Show that $E|X-Y| = \int_{\mathbb{R}}[F(t) + G(t) - 2H(t,t)]dt $

Question

Assume $X$, $Y$ random variables with joint distribution function $H$ and their respective marginals $F$ and $G$.

I'm trying to show that: $$E|X-Y| = \int_{\mathbb{R}}[F(t) + G(t) - 2H(t,t)]dt $$

My approach: So far I know that

$$ E|X-Y| = \int\int_{\mathbb{R}^2}|x-y| \text{d}H(x,y)$$

from where we can straightforwardly try to reduce the integral to

$$ \int_{-\infty}^{\infty}\int_{-\infty}^{x}(x-y) \text{d}H(x,y) + \int_{-\infty}^{\infty}\int_{x}^{\infty}(y-x) \text{d}H(x,y) $$

However, I'm not sure how to proceed from here, that is, how to think about working with the $\text{d}H(x,y)$ term and how to properly take it out.

Firstly, I'm not even sure if in general case we can take the $h(s,t)$ part out, where $H(x,y) = \int_{-\infty}^{x}\int_{-\infty}^{y}h(s,t)dsdt$, since $X$ and $Y$ are not necessarily continuous? Even if we could, I can't see how to properly proceed.

On the other hand, by going backwards,

$$ E|X-Y| = \int_{\mathbb{R}}[F(t) + G(t) - 2H(t,t)] dt = \int_{-\infty}^{\infty}\left(\int_{-\infty}^{t}dF(s) + \int_{-\infty}^{t}dG(s) - 2\int_{-\infty}^{t} \int_{-\infty}^{t} dH(s,j)\right)dt$$

It also feels like something in the likes of

$$ \int_{-\infty}^{t}dF(s) = \int_{-\infty}^{\infty} \int_{-\infty}^{t}dH(s,j),$$

might hold, but again, I'm not entirely sure how to work with distribution functions when they are in the integral measure part.

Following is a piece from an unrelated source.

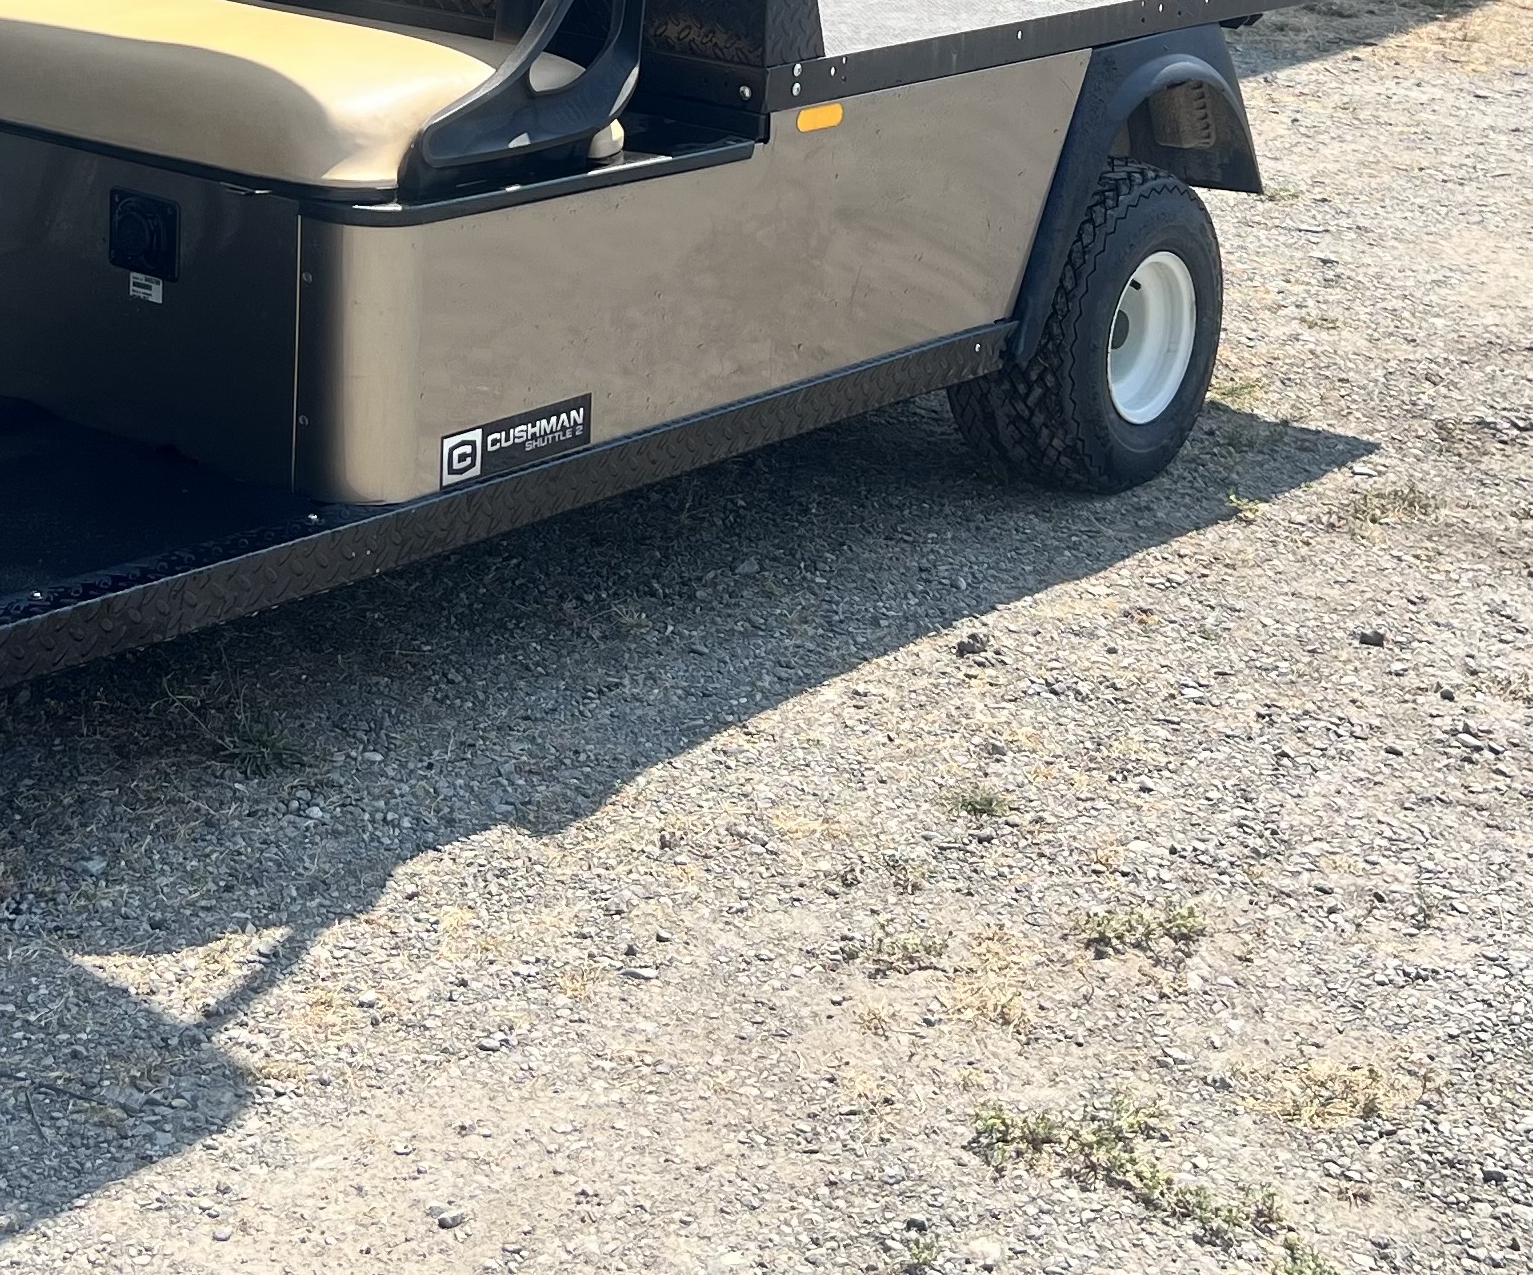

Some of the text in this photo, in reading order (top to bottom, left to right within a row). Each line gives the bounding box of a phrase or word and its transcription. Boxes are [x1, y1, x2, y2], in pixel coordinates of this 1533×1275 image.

[486, 407, 585, 453] CUSHMAN
[524, 425, 584, 452] SHUTTLE 2

Any hints/ideas would be appreciated!

Answer 1

By the very definition of the distribution function, we have

$$\begin{align*} F(t)+G(t)-2H(t,t) &= \mathbb{P}(X \leq t) + \mathbb{P}(Y \leq t) - 2 \mathbb{P}(X \leq t, Y \leq t) \\ &= \bigg( \mathbb{P}(X \leq t, Y \in \mathbb{R}) - \mathbb{P}(X \leq t, Y \leq t) \bigg) \\ &\quad + \bigg( \mathbb{P}(Y \leq t, X \in \mathbb{R}) - \mathbb{P}(Y \leq t, X \leq t) \bigg) \\ &= \mathbb{P}(X \leq t, Y>t) + \mathbb{P}(Y \leq t, X>t)\end{align*}$$

for any $t \in \mathbb{R}$. This implies

$$F(t)+G(t)-2H(t,t) = \mathbb{P} \left( \min\{X,Y\} \leq t, \max\{X,Y\}>t \right). \tag{1}$$

Applying Tonelli's theorem and using the elementary identity

$$|x-y| = \max\{x,y\} - \min\{x,y\}$$

we find

$$\begin{align*} \int_{\mathbb{R}} \mathbb{P}(\min\{X,Y\} \leq t < \max\{X,Y\}) \,dt &= \mathbb{E} \left( \int_{\mathbb{R}} 1_{\{\min\{X,Y\} \leq t < \max\{X,Y\}} \, dt \right) \\ &= \mathbb{E} \left( \int_{\min\{X,Y\}}^{\max\{X,Y\}} \, dt \right) \\ &= \mathbb{E}(\max\{X,Y\}-\min\{X,Y\}) \\ &= \mathbb{E}(|X-Y|); \end{align*}$$

combining this with $(1)$ this proves the assertion.